◆ **What to work on**:
Every record below must be copied exactly, with images dropped.

Entries supplied: Begin

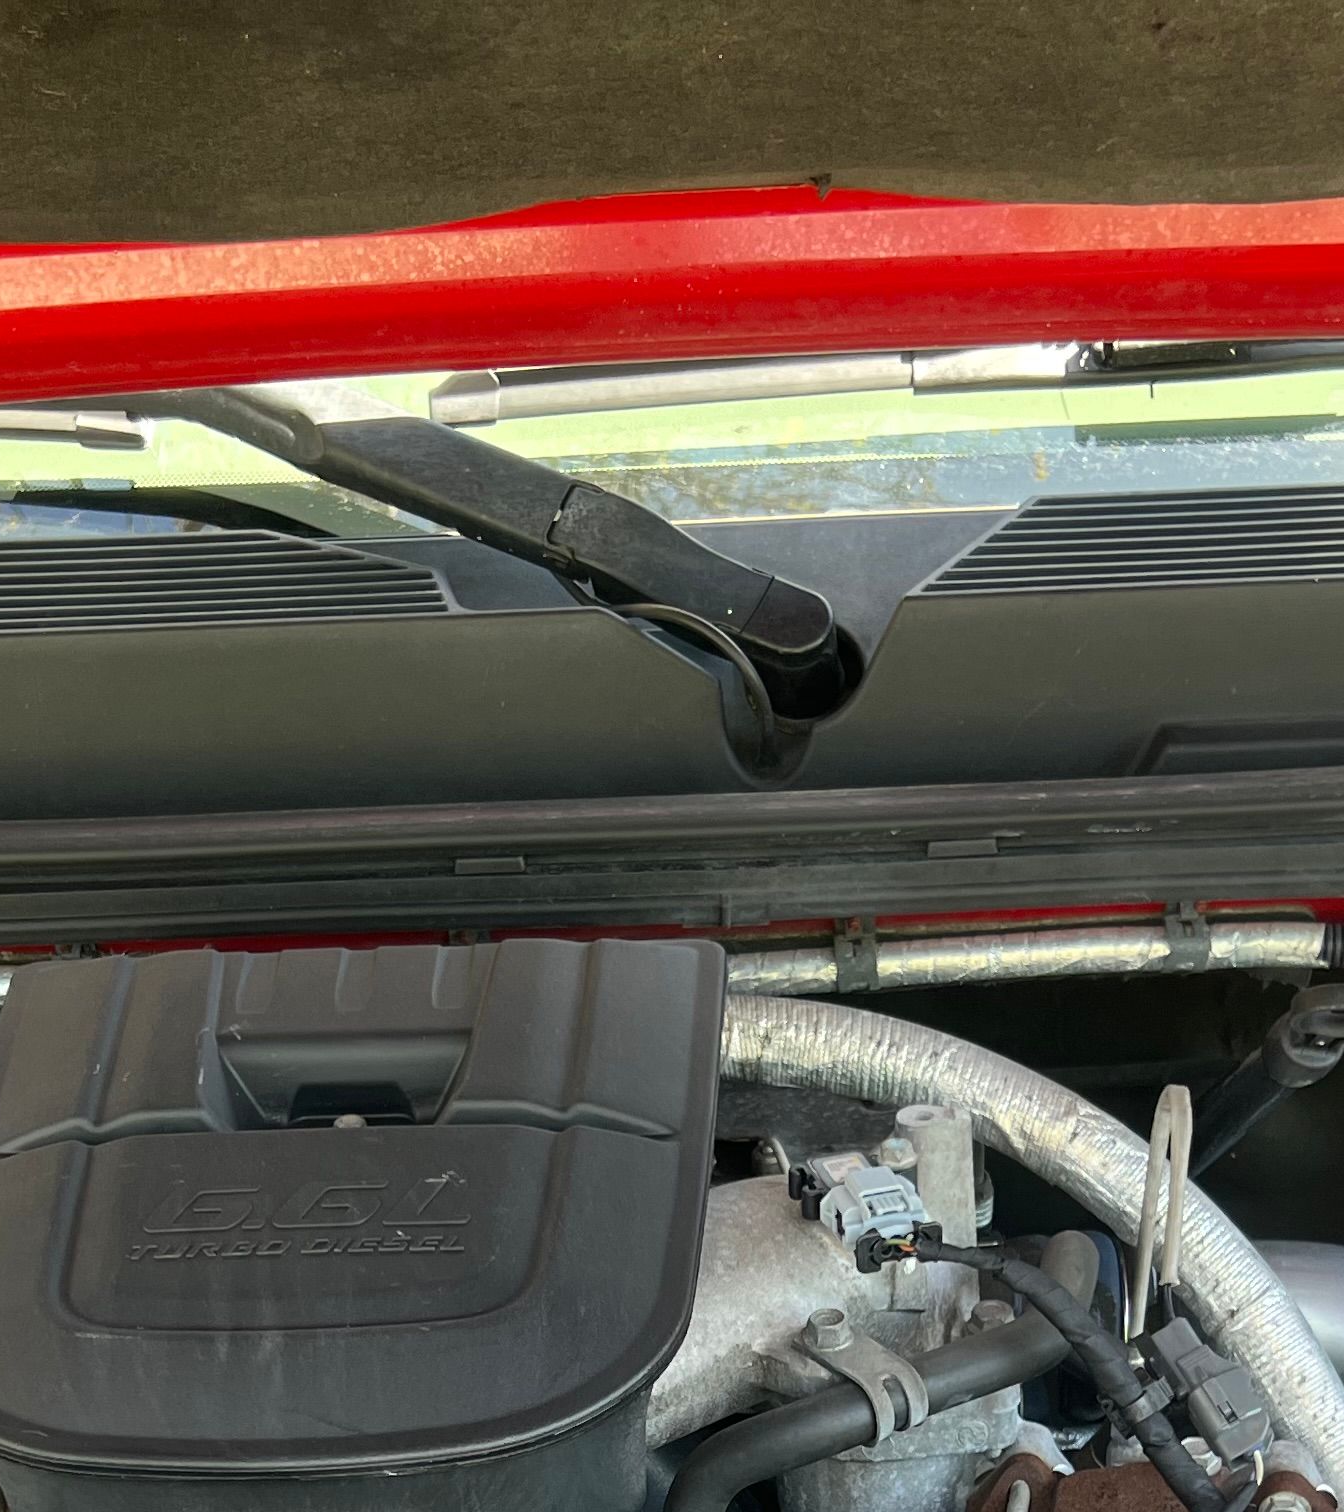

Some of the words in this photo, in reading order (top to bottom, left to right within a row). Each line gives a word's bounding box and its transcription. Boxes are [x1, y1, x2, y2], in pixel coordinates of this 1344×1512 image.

[142, 1177, 473, 1235] 6.6L
[126, 1240, 292, 1261] TURBO
[299, 1235, 466, 1255] DIESEL
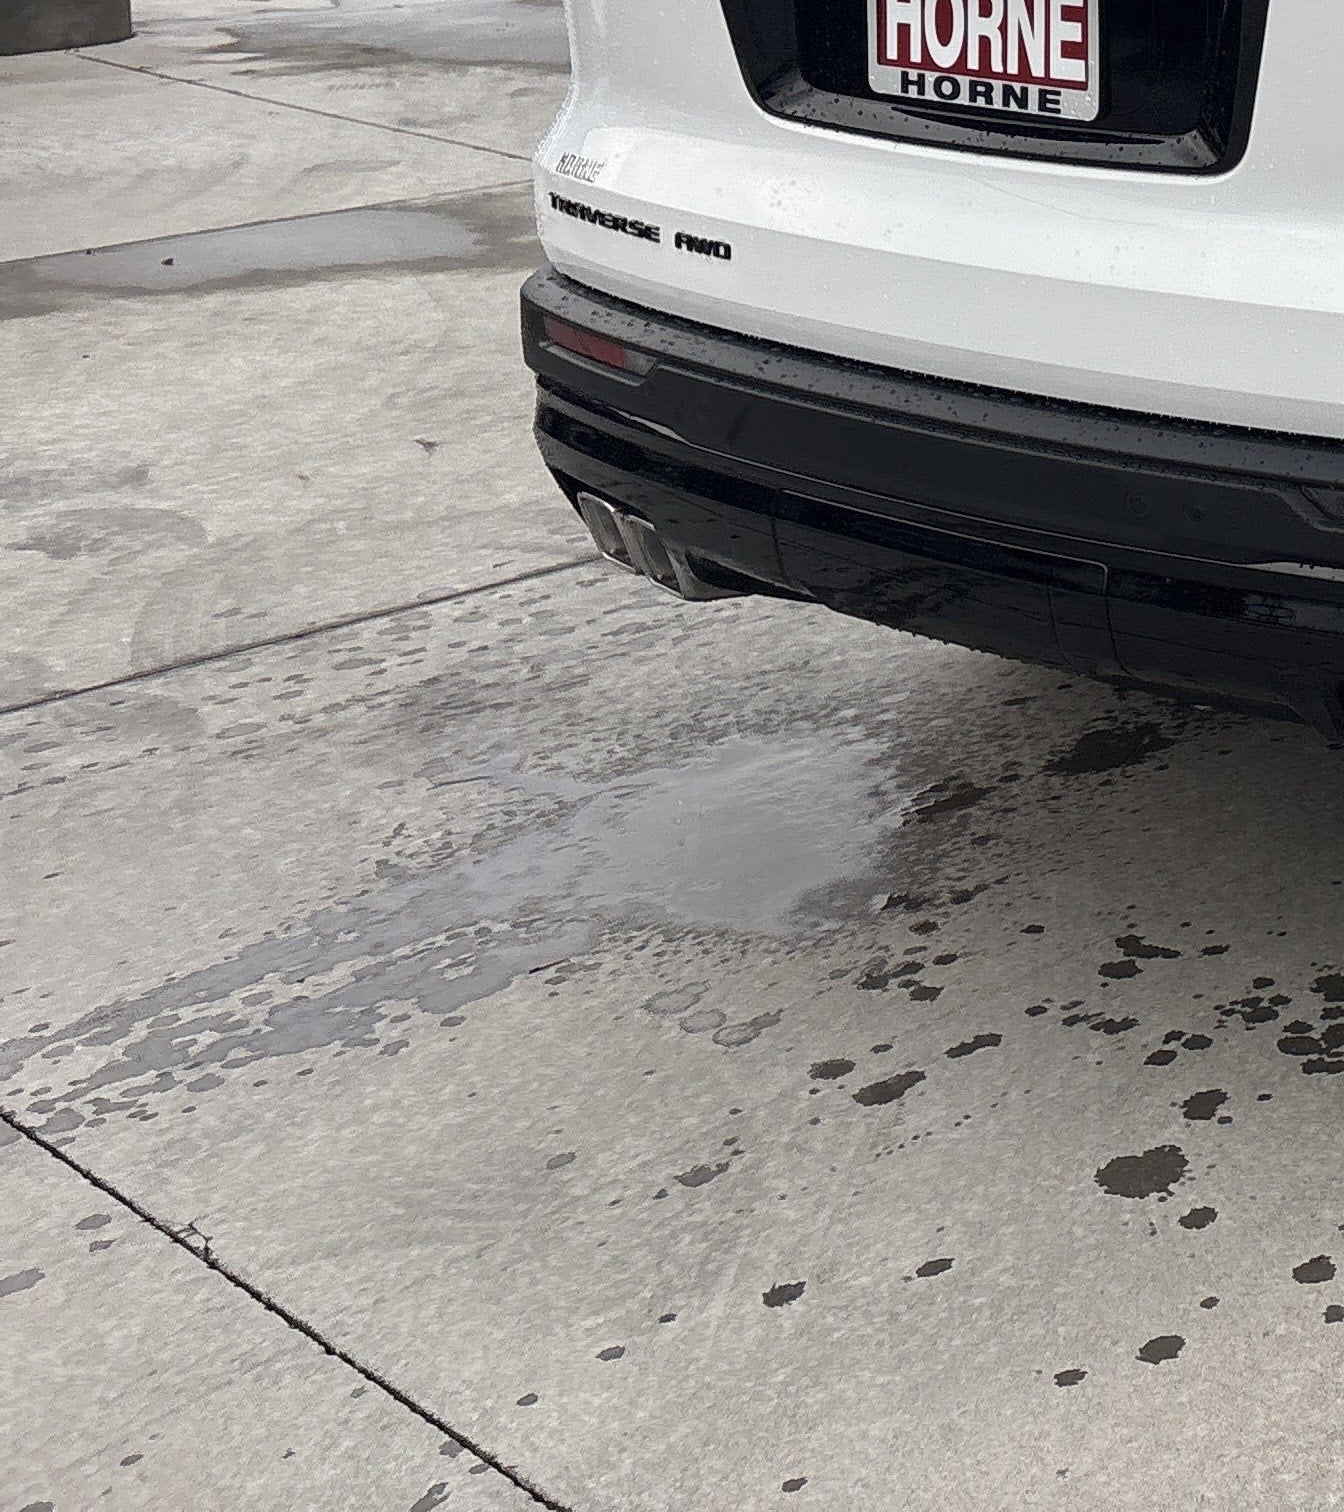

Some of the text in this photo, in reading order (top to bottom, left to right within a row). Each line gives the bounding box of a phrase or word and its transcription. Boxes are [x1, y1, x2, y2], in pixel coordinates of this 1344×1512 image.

[900, 70, 1063, 115] HORNE
[548, 191, 732, 261] TRAVERSE AWD
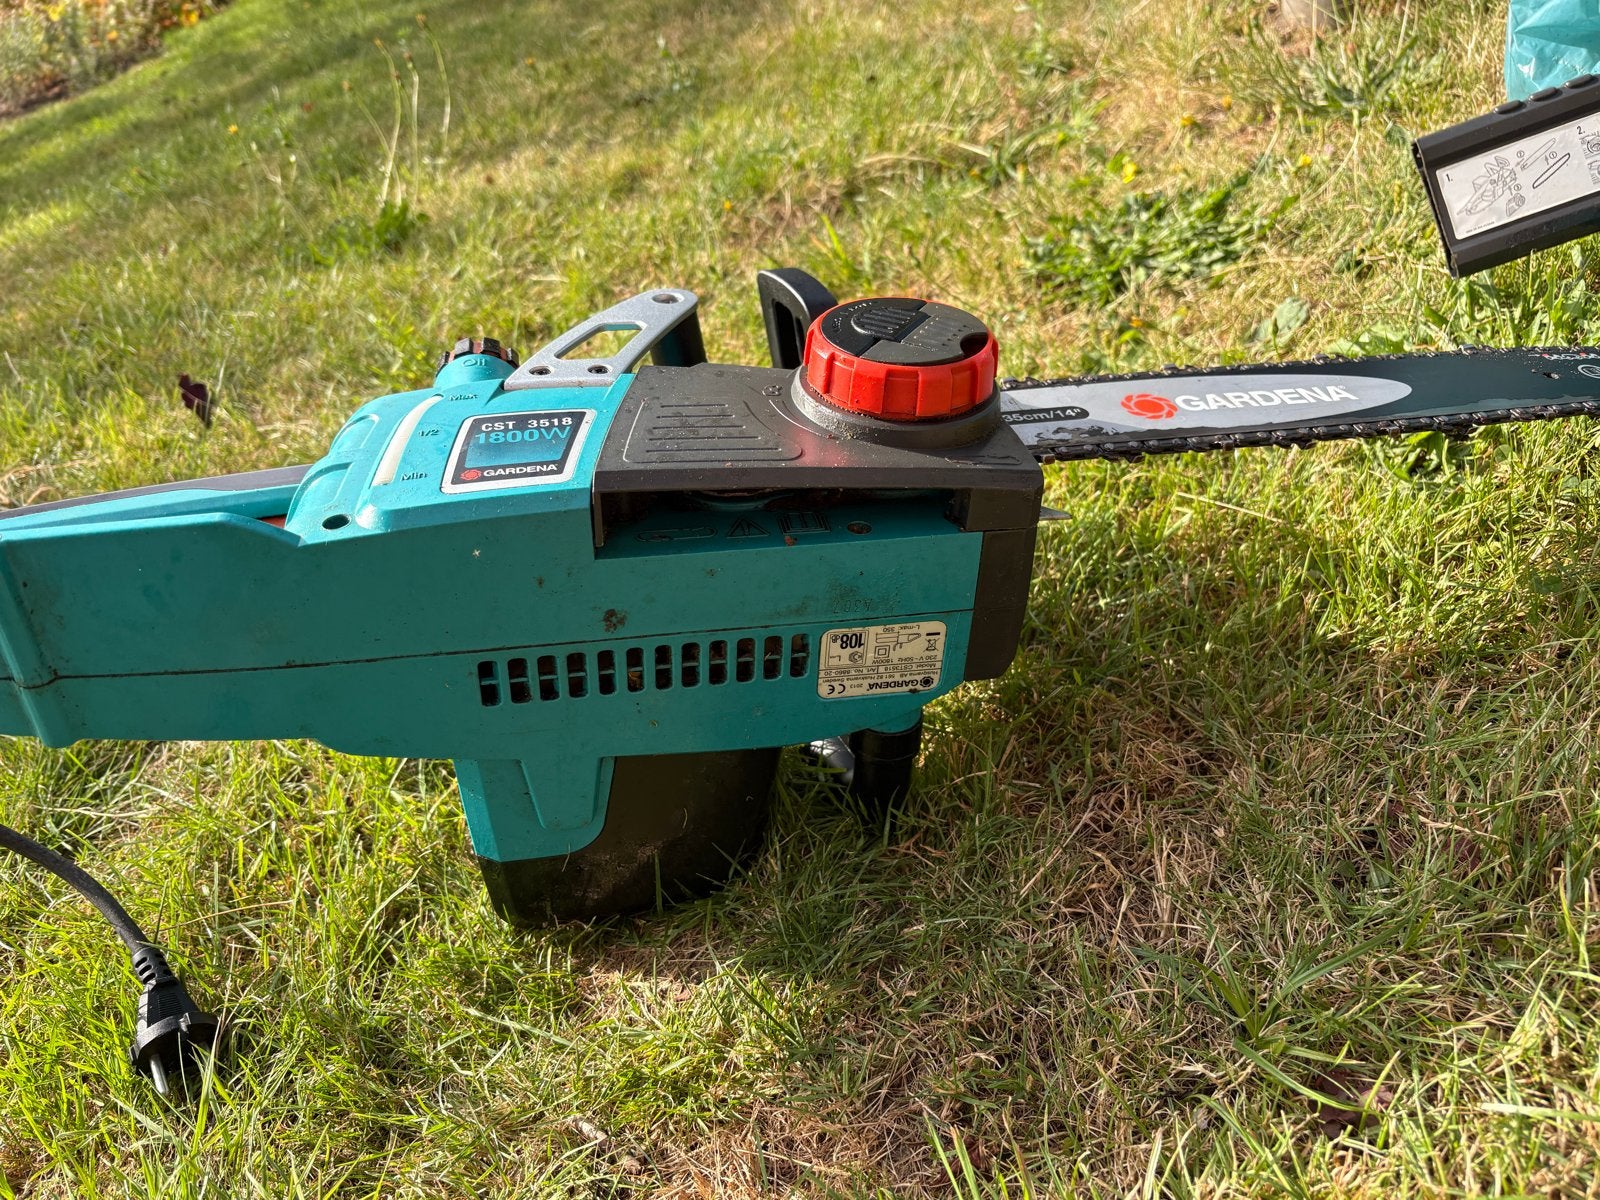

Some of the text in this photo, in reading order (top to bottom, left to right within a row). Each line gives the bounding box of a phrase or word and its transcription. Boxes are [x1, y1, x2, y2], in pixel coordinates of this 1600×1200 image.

[463, 357, 487, 367] Oil
[1175, 385, 1358, 411] GARDENA
[1001, 408, 1081, 422] 35cm/14"
[481, 417, 573, 431] CST 3518
[475, 426, 571, 444] 1800W
[484, 464, 557, 477] GARDENA
[840, 633, 865, 650] 108
[868, 679, 919, 690] GARDENA
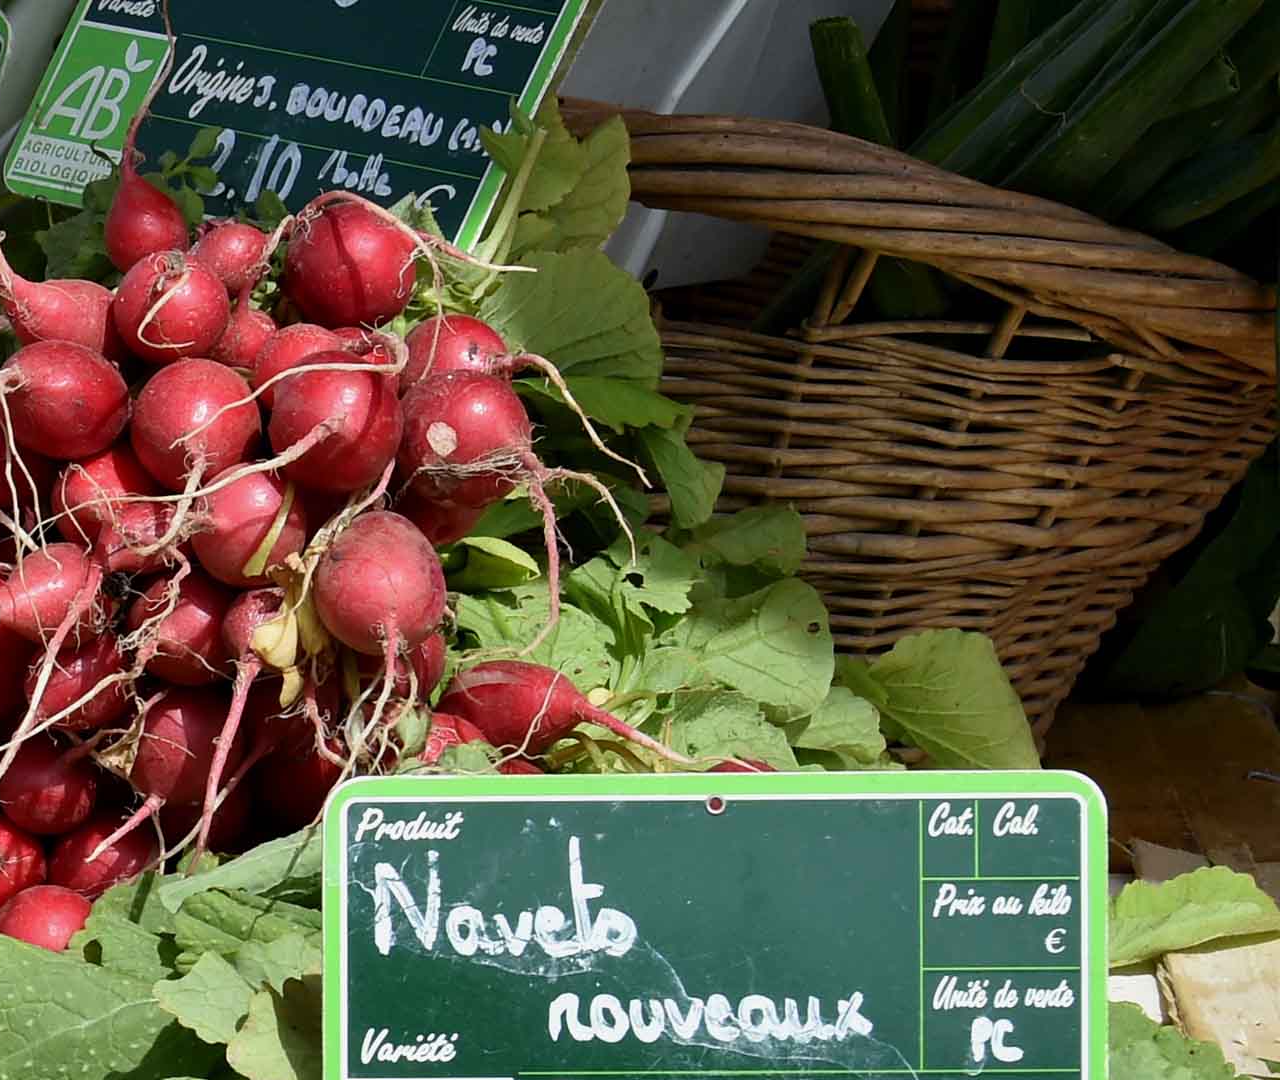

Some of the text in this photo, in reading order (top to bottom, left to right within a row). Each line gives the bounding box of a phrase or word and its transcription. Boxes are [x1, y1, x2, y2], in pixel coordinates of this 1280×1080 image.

[38, 65, 131, 140] AB
[168, 44, 255, 119] Origine
[285, 82, 444, 147] BOURDEAU
[355, 807, 464, 841] Produit
[927, 801, 975, 837] Cat.
[992, 801, 1040, 837] Cal.
[932, 883, 1073, 918] Prix au kilo
[1044, 928, 1067, 954] €
[932, 975, 1076, 1011] Unité de vente
[548, 991, 874, 1043] nouveaux
[360, 1028, 459, 1065] Variété
[970, 1016, 1025, 1063] PC

Entries supplied: End

◆ **Your solution**:
Some of the words in this photo, in reading order (top to bottom, left to right within a row). Each line gives a word's bounding box and its transcription. Boxes are [x1, y1, x2, y2], in pixel coordinates of this 1344×1512 image.

[142, 1177, 473, 1235] 6.6L
[126, 1240, 292, 1261] TURBO
[299, 1235, 466, 1255] DIESEL

Some of the text in this photo, in reading order (top to bottom, left to right within a row). Each line gives the bounding box of a phrase or word and its transcription. Boxes are [x1, y1, x2, y2], in pixel coordinates of this 1344×1512 image.

[900, 70, 1063, 115] HORNE
[548, 191, 732, 261] TRAVERSE AWD

Some of the text in this photo, in reading order (top to bottom, left to right within a row). Each line gives the bounding box of a phrase or word and its transcription. Boxes are [x1, y1, x2, y2], in pixel coordinates of this 1600×1200 image.

[463, 357, 487, 367] Oil
[1175, 385, 1358, 411] GARDENA
[1001, 408, 1081, 422] 35cm/14"
[481, 417, 573, 431] CST 3518
[475, 426, 571, 444] 1800W
[484, 464, 557, 477] GARDENA
[840, 633, 865, 650] 108
[868, 679, 919, 690] GARDENA

Some of the text in this photo, in reading order (top to bottom, left to right within a row). Each line gives the bounding box of a phrase or word and its transcription. Boxes are [x1, y1, x2, y2], in pixel coordinates of this 1280×1080 image.

[38, 65, 131, 140] AB
[168, 44, 255, 119] Origine
[285, 82, 444, 147] BOURDEAU
[355, 807, 464, 841] Produit
[927, 801, 975, 837] Cat.
[992, 801, 1040, 837] Cal.
[932, 883, 1073, 918] Prix au kilo
[1044, 928, 1067, 954] €
[932, 975, 1076, 1011] Unité de vente
[548, 991, 874, 1043] nouveaux
[360, 1028, 459, 1065] Variété
[970, 1016, 1025, 1063] PC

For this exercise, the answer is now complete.